Now, with Europe dominating the meta-debate on the economy so a new shift in attitude towards the LibDems is becoming apparent as prominent figures see an opportunity to drive a wedge between Clegg-the-negotiator and Cameron-the-vetoer.

Seen in this light Douglas Alexander's 'genuine offer' to cooperate with LibDems represents a coded message that the balance of debate within Labour has moved away from Balls' political opportunism allied to trade union intransigence. The shadow Foreign Secretary's argument that "the public will reward politicians who show serious statesmanship, not shrill showmanship in the face of economic events" stakes his unspoken claim as a potential alternate leader, and Ed Miliband's appropriation of his line that "Cameron walked out having prevented nothing from happening and having failed to secure any of his demands; that is not called a veto - that is called defeat" is the perfect demonstration of who is really scripting those soundbites made at the despatch box.

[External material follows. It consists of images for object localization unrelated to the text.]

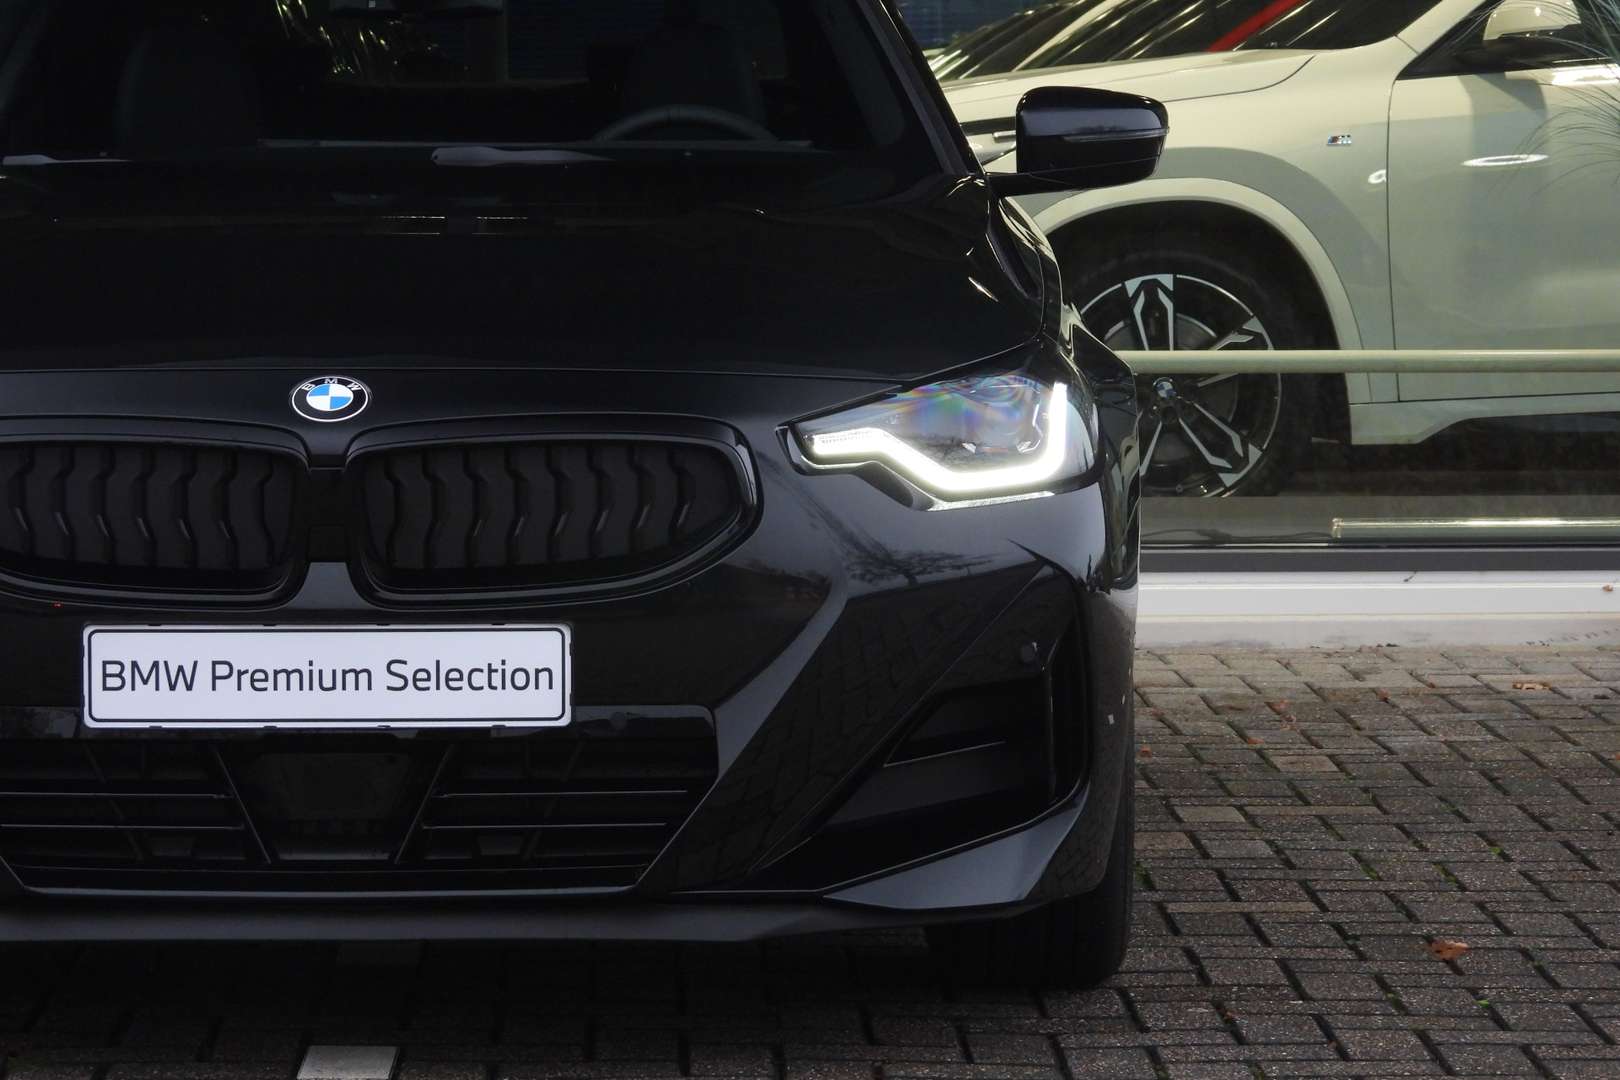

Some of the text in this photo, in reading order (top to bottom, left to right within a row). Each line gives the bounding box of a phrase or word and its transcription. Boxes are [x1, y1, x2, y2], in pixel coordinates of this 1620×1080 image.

[301, 378, 362, 391] BMW
[101, 659, 554, 691] BMW Premium Selection
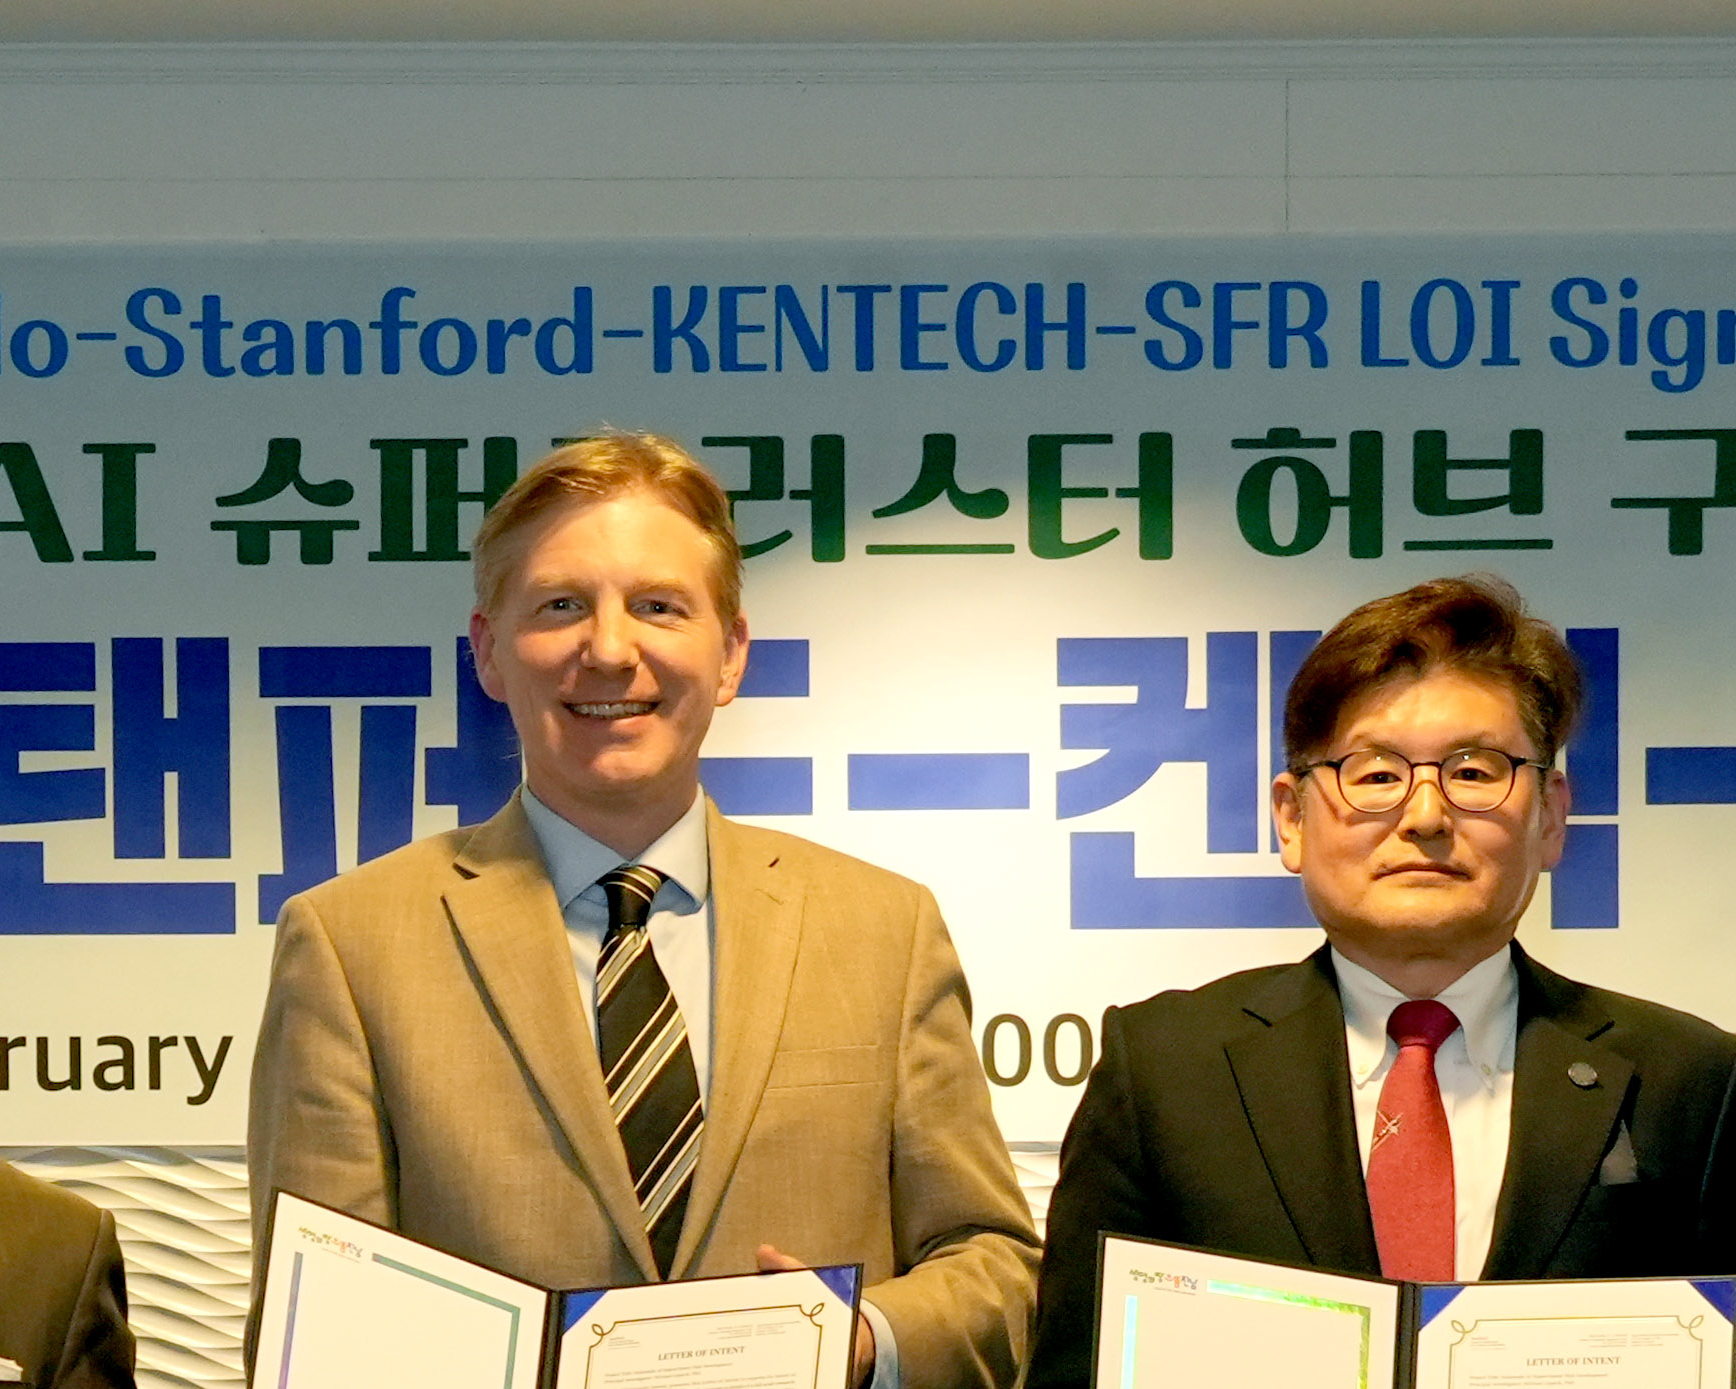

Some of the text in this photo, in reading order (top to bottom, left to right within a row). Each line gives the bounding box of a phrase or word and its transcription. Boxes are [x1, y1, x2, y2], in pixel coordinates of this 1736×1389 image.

[1361, 278, 1521, 369] LOI
[210, 432, 1173, 566] 슈퍼러스터
[1231, 428, 1553, 559] 허브
[657, 1346, 746, 1361] LETTER OF INTENT
[1526, 1356, 1622, 1367] LETTER OF INTENT

Indeed, with the Labour leader's popularity among grassroots members collapsing since July due primarily to his position on the strikes and his tenure in the job increasingly being marred by his fundamental errors at a strategic level, questions are being openly raised about Ed Miliband's ability to take Labour through to 2015 and the next General Election - not least by brother David's comments that he may make another leadership bid to keep the rumour mill churning (albeit only in his home region), or from descriptions of his 'woeful performance' when offered an open goal at PMQs on Europe - from supposedly friendly sources!

Most jarring in Ed Miliband's lexicon is his insistence that his opposition "won't take lectures" on economics because he doesn't like who's giving them. It indicates the truthfulness of less-friendly reports that Miliband is overreliant on his shadow Chancellor: "Ed Balls is too stubborn or too vain to realise his strategy isn't working... The Labour Party is being sacrificed on the altar of his vanity." So say 'internal sources'.

Labour's underlying problem, however, is the longstanding division between their heartlands and their headlands - between voters who are predominantly northern and working-class and candidates who are predominantly southern metropolitan intelligensia. This tension is perfectly highlighted by the two siblings, progeny of Jewish emigre and Marxist theorist Ralph Miliband, and representatives for the relatively deprived and insular areas of Doncaster North and South Shields.

While these areas typify the still raw legacy of 80s Thatcherite social conflict the oft-quipped veritas that such  constituencies would elect a donkey if it wore a rosette of the right colour remain true, although so too does the sad fate of 'lions led by donkeys' into the brutal hailstorm of political debate.